Sukar is a village in Shaheed Bhagat Singh Nagar district of Punjab State, India. It is located 2.7 km away from sub post office Mukandpur, 20 km from Nawanshahr, 12 km from district headquarter Shaheed Bhagat Singh Nagar and 115 km from state capital Chandigarh. The village is administrated by Sarpanch an elected representative of the village.

== Demography ==
As of 2011, Sukar has a total number of 72 houses and population of 331 of which 169 include are males while 162 are females according to the report published by Census India in 2011. The literacy rate of Sukar is 82.89% higher than the state average of 75.84%. The population of children under the age of 6 years is 33 which is 9.97% of total population of Sukar, and child sex ratio is approximately 650 as compared to Punjab state average of 846.

Most of the people are from Schedule Caste which constitutes 79.15% of total population in Sukar. The town does not have any Schedule Tribe population so far.
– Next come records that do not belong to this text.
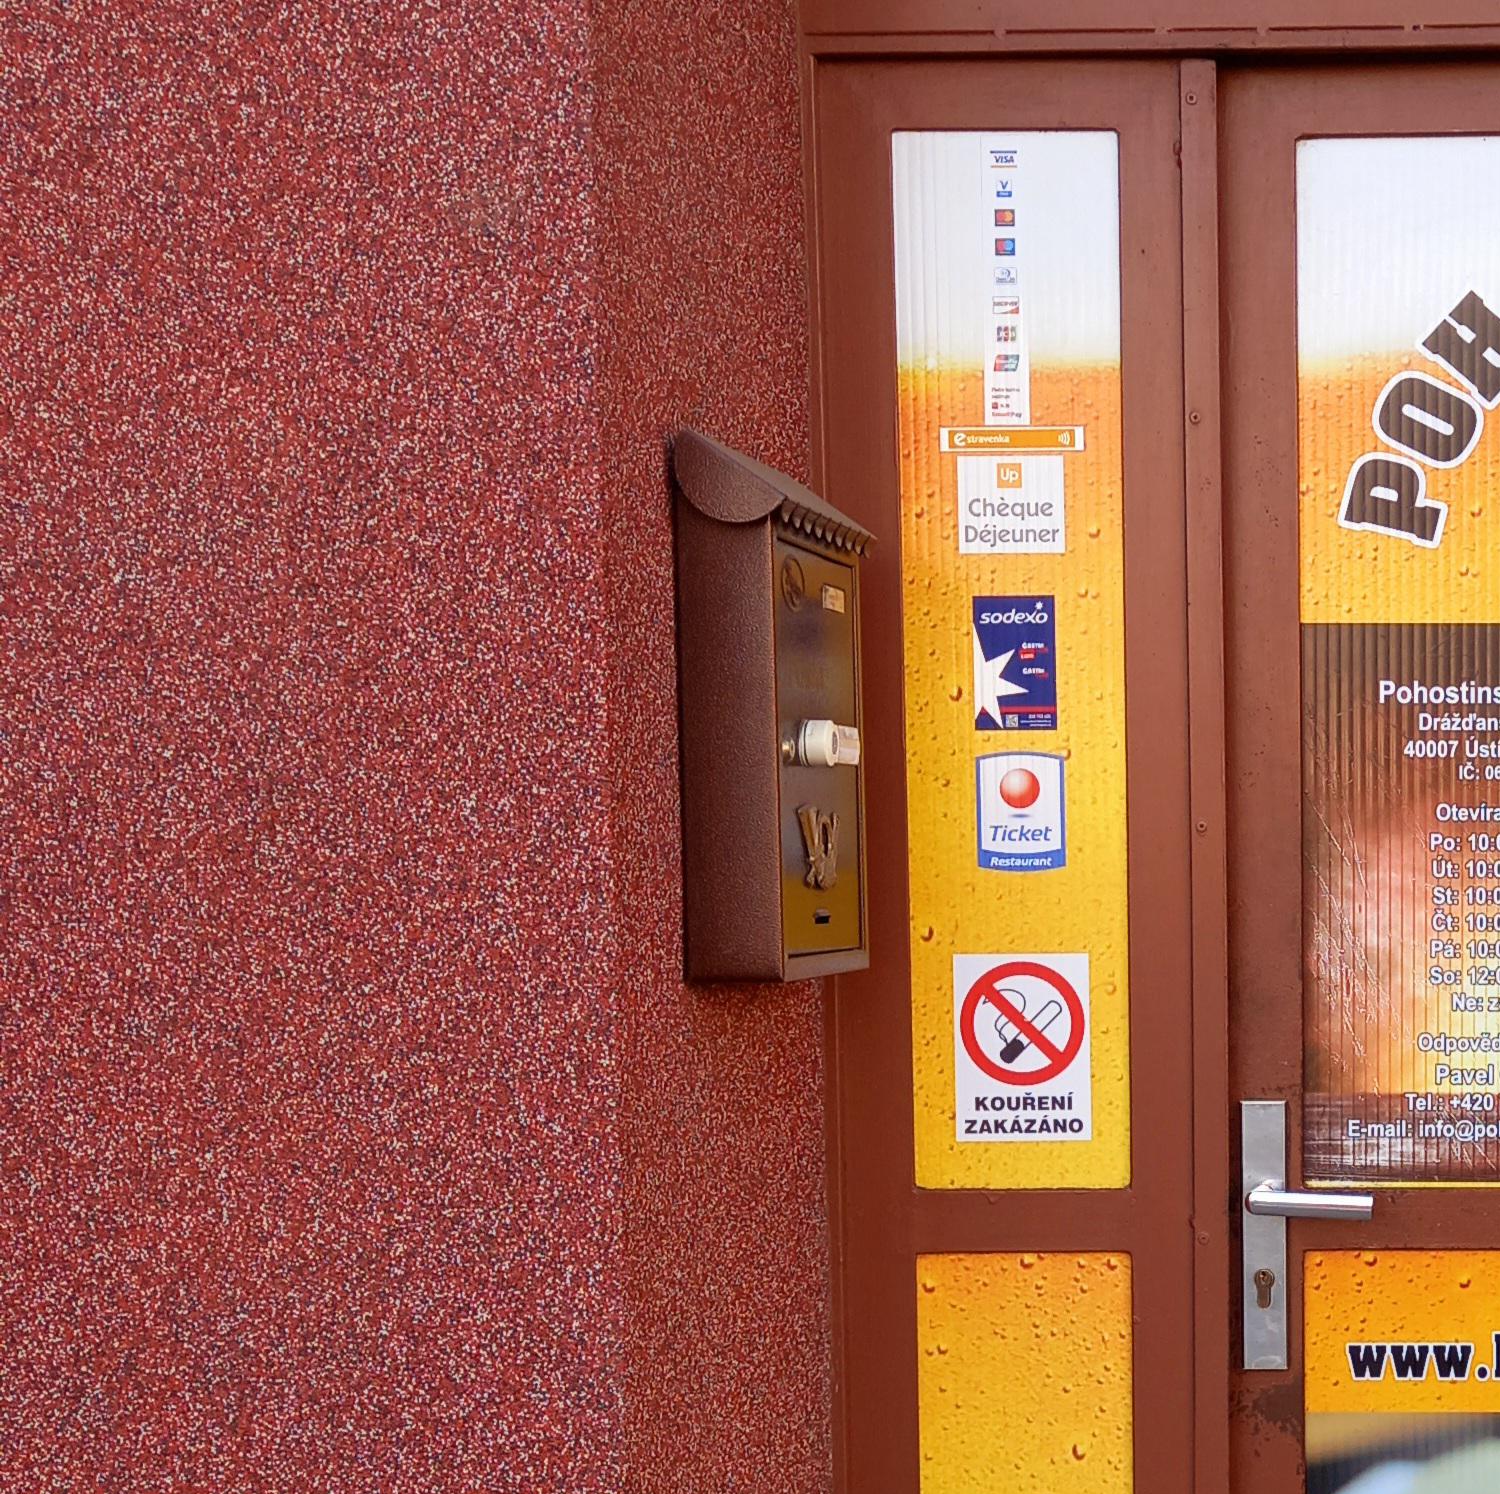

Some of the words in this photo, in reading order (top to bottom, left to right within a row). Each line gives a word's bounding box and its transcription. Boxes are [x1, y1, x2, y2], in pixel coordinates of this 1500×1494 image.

[994, 155, 1015, 163] VISA
[1001, 468, 1018, 483] Up
[968, 497, 1053, 520] Chèque
[964, 525, 1060, 547] Déjeuner
[979, 607, 1048, 624] sodexo
[1403, 740, 1459, 758] 40007
[1458, 764, 1480, 780] IČ:
[989, 825, 1052, 842] Ticket
[1430, 833, 1461, 851] Po:
[990, 857, 1052, 867] Restaurant
[1432, 858, 1459, 878] Út:
[1432, 887, 1459, 905] St:
[1432, 911, 1459, 931] Čt:
[1430, 940, 1461, 958] Pá:
[1430, 967, 1461, 985] So:
[1452, 994, 1483, 1011] Ne:
[1435, 1065, 1494, 1085] Pavel
[974, 1092, 1073, 1111] KOUŘENÍ
[1406, 1094, 1443, 1111] Tel.:
[1449, 1094, 1493, 1111] +420
[965, 1116, 1083, 1133] ZAKÁZÁNO
[1348, 1120, 1412, 1137] E-mail:
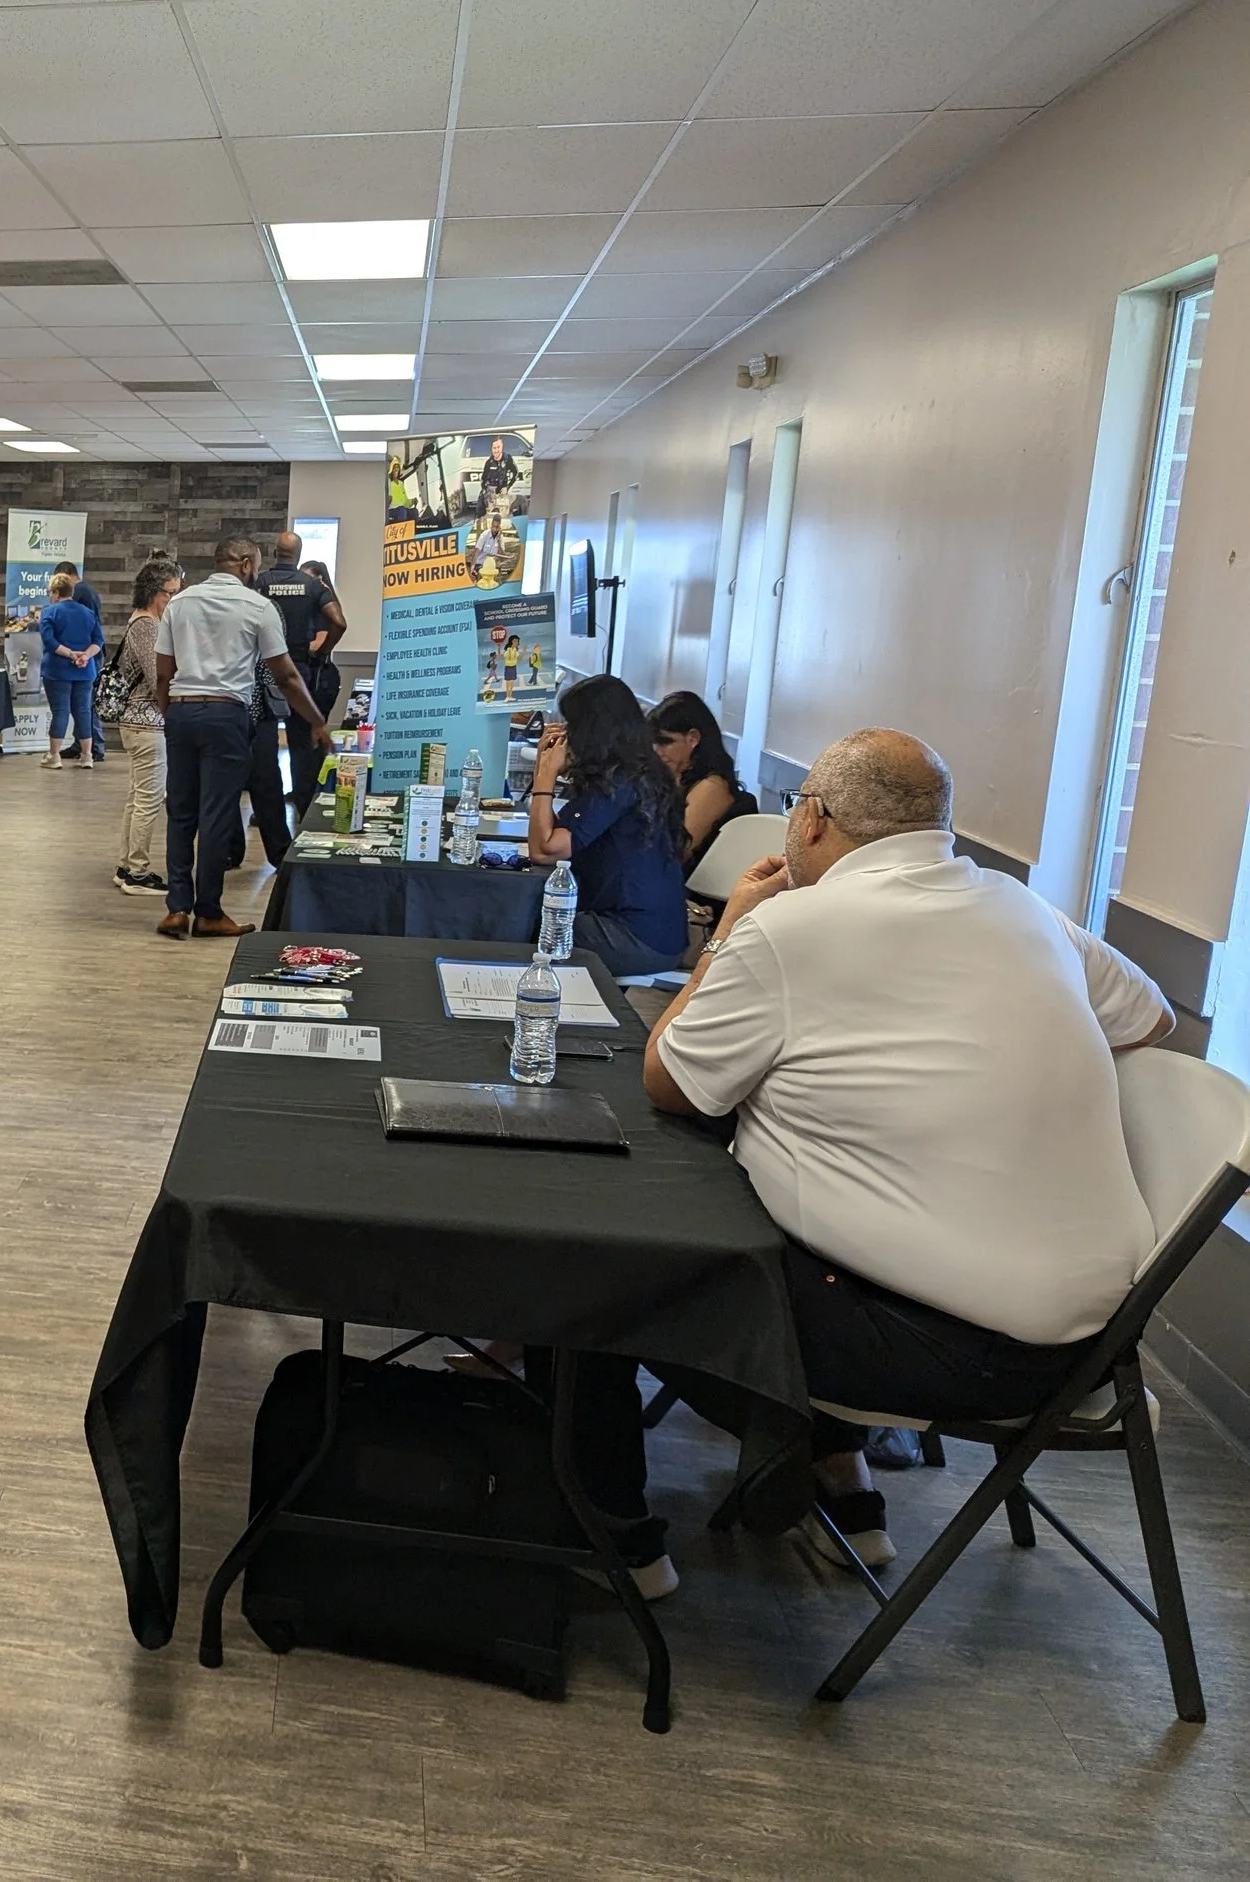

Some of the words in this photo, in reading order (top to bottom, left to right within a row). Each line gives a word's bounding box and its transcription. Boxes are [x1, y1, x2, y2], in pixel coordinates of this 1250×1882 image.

[386, 526, 398, 540] City
[399, 522, 408, 538] of
[384, 535, 457, 564] ITUSVILLE
[20, 571, 42, 582] Your
[414, 562, 465, 583] HIRING
[18, 585, 47, 598] begins
[415, 607, 434, 617] DENTAL
[439, 603, 454, 614] VISION
[455, 600, 474, 612] COVERA
[388, 630, 412, 640] FLEXIBLE
[412, 626, 436, 638] SPENDING
[438, 624, 458, 634] ACCOUNT
[492, 630, 506, 640] STOP
[386, 650, 412, 660] EMPLOYEE
[414, 648, 432, 658] HEALTH
[432, 646, 448, 656] CLINIC
[386, 670, 405, 680] HEALTH
[410, 668, 436, 678] WELLNESS
[436, 665, 462, 676] PROGRAMS
[386, 691, 396, 700] LIFE
[398, 689, 425, 700] INSURANCE
[426, 687, 450, 698] COVERAGE
[400, 709, 422, 720] VACATION
[428, 708, 446, 718] HOLIDAY
[447, 706, 462, 716] LEAVE
[14, 728, 36, 736] NOW
[384, 730, 404, 740] TUITION
[404, 728, 444, 739] REIMBURSEMENT
[382, 751, 404, 760] PENSION
[404, 750, 417, 758] PLAN
[382, 770, 412, 779] RETIREMENT
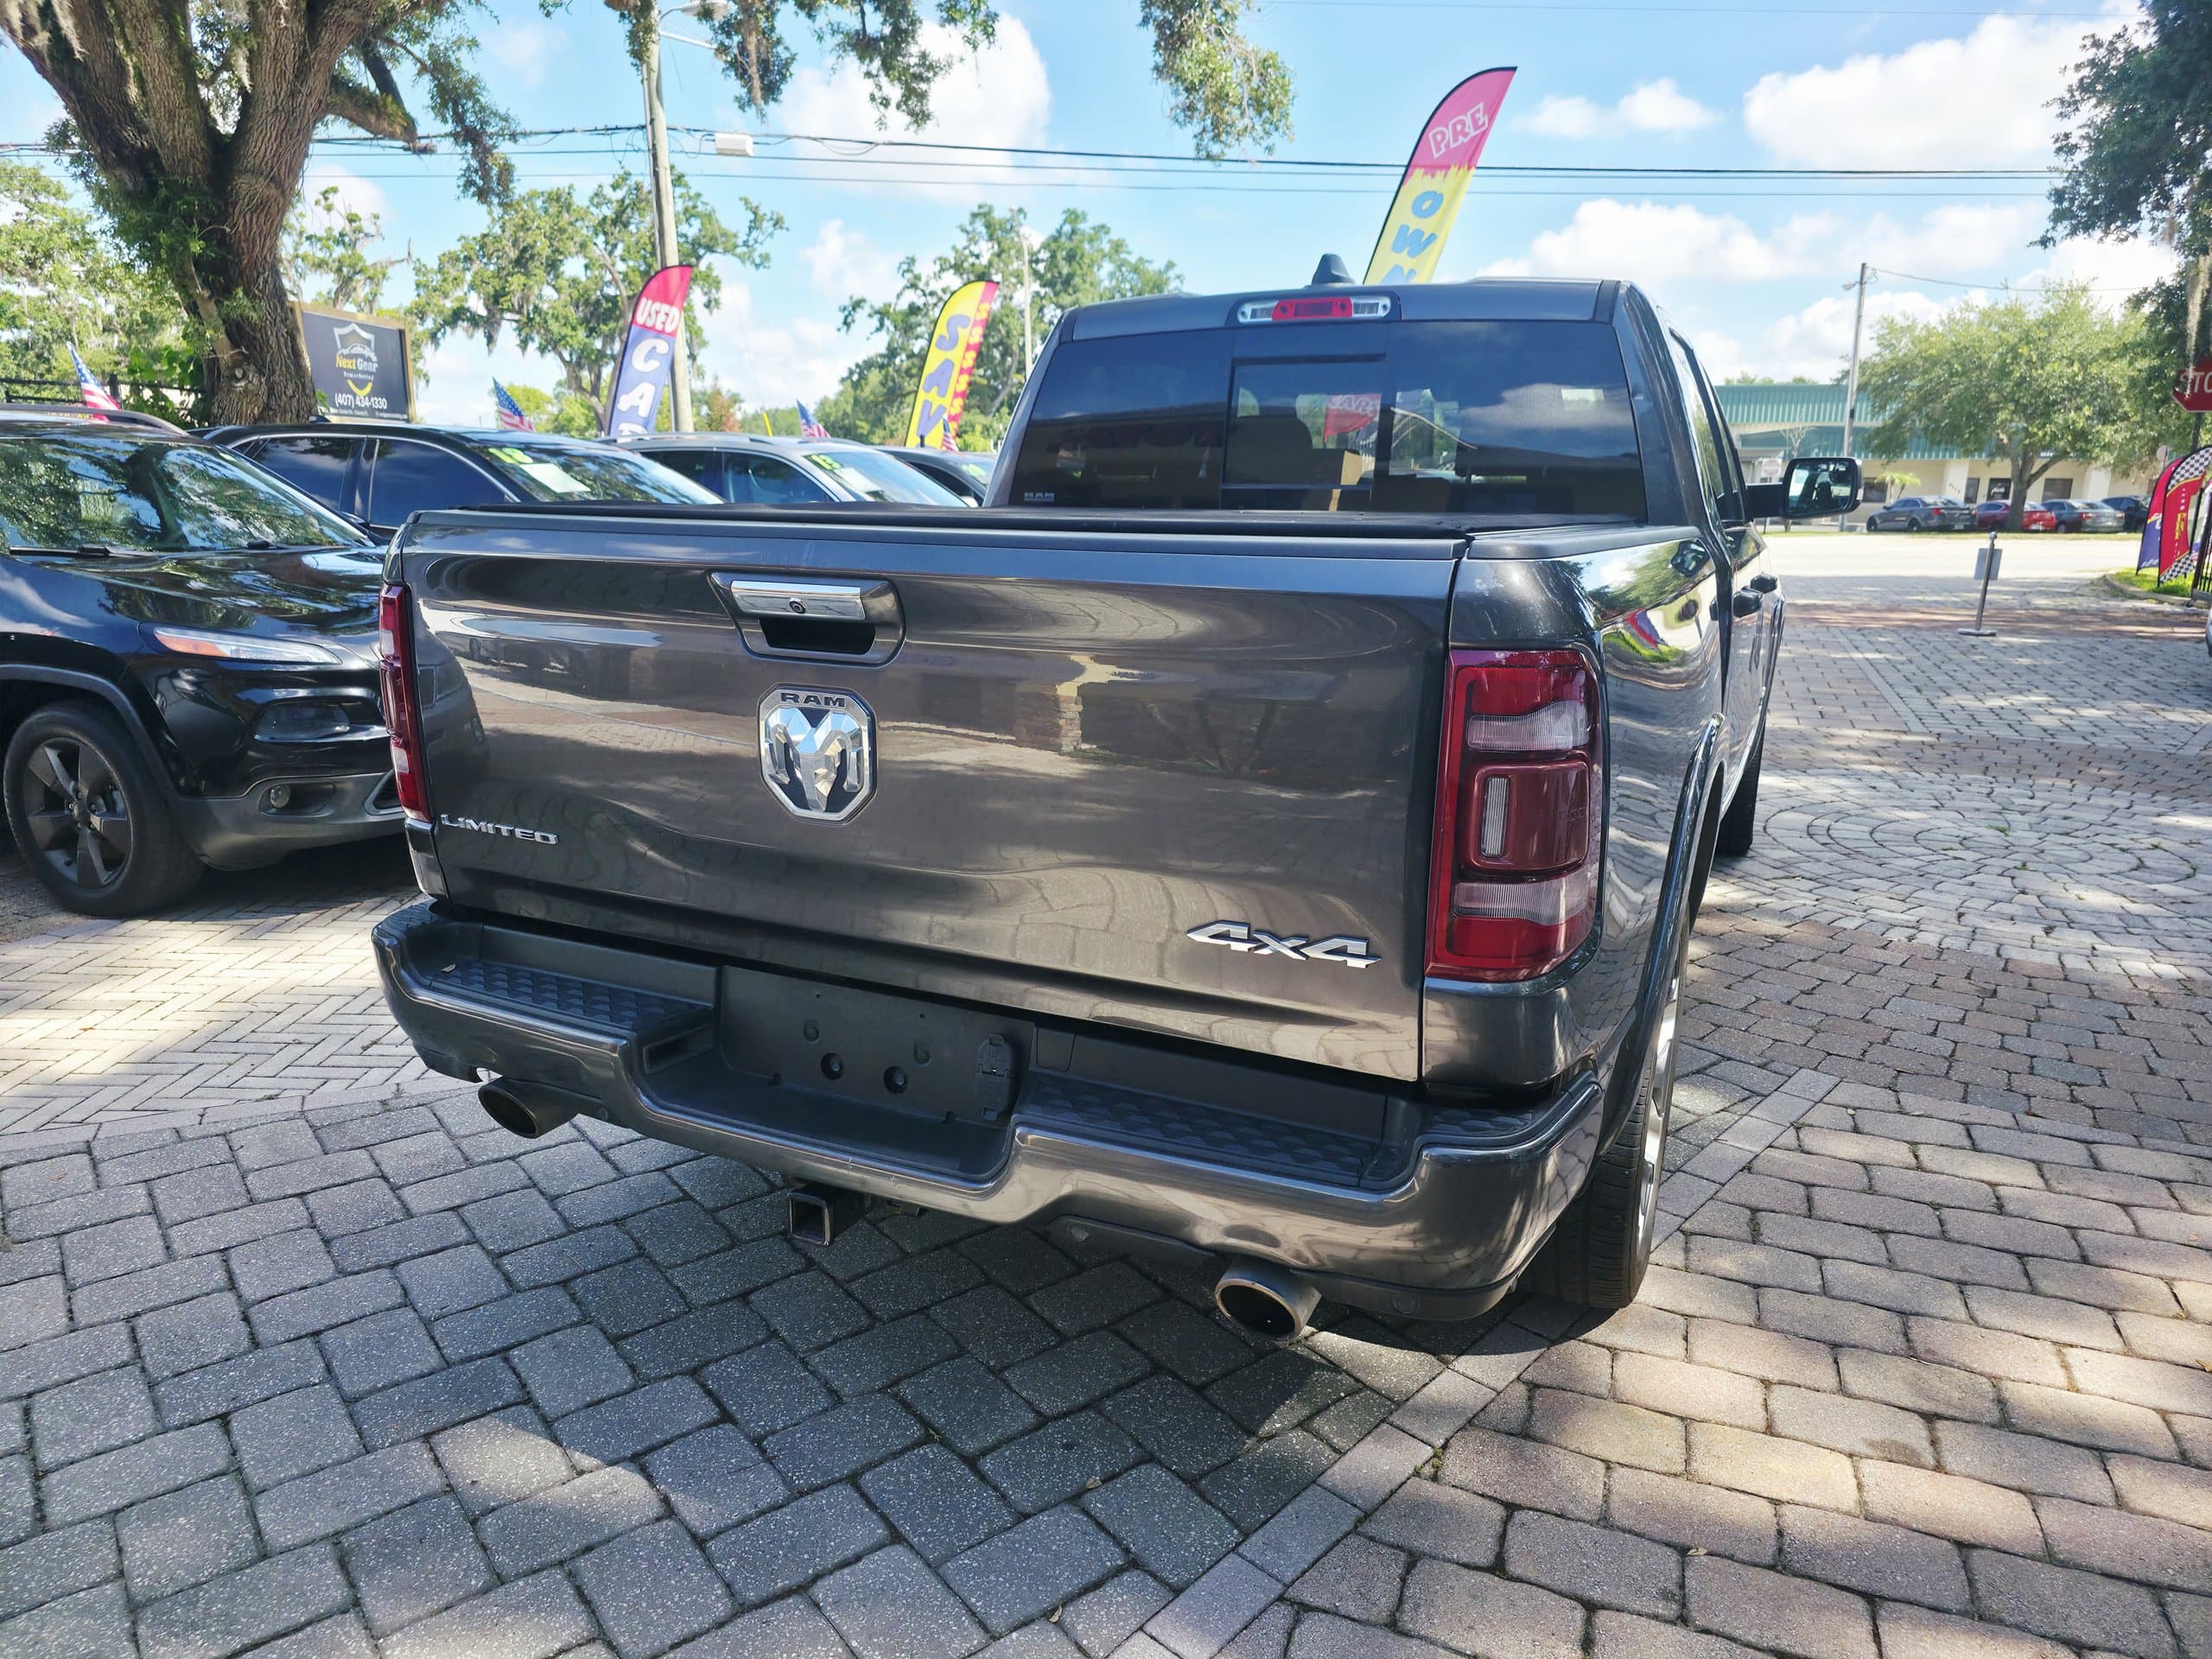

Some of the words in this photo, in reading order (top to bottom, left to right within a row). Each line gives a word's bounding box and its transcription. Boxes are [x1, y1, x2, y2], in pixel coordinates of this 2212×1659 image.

As per the report published by Census India in 2011, 96 people were engaged in work activities out of the total population of Sukar which includes 93 males and 3 females. According to census survey report 2011, 93.75% workers describe their work as main work and 6.25% workers are involved in Marginal activity providing livelihood for less than 6 months.

== Education ==
The village has a Punjabi medium, co-ed primary school established in 1976. The school provide mid-day meal per Indian Midday Meal Scheme. As per Right of Children to Free and Compulsory Education Act the school provide free education to children between the ages of 6 and 14.

Amardeep Singh Shergill Memorial college Mukandpur, KC Engineering College and Doaba Khalsa Trust Group Of Institutions are the nearest colleges. Industrial Training Institute for women (ITI Nawanshahr) is 26 km. The village is 90 km away from Chandigarh University, 73 km from Indian Institute of Technology and 30 km away from Lovely Professional University.

== Transport ==
Nawanshahr train station is the nearest train station however, Garhshankar Junction railway station is 23 km away from the village. Sahnewal Airport is the nearest domestic airport which located 50 km away in Ludhiana and the nearest international airport is located in Chandigarh also Sri Guru Ram Dass Jee International Airport is the second nearest airport which is 140 km away in Amritsar.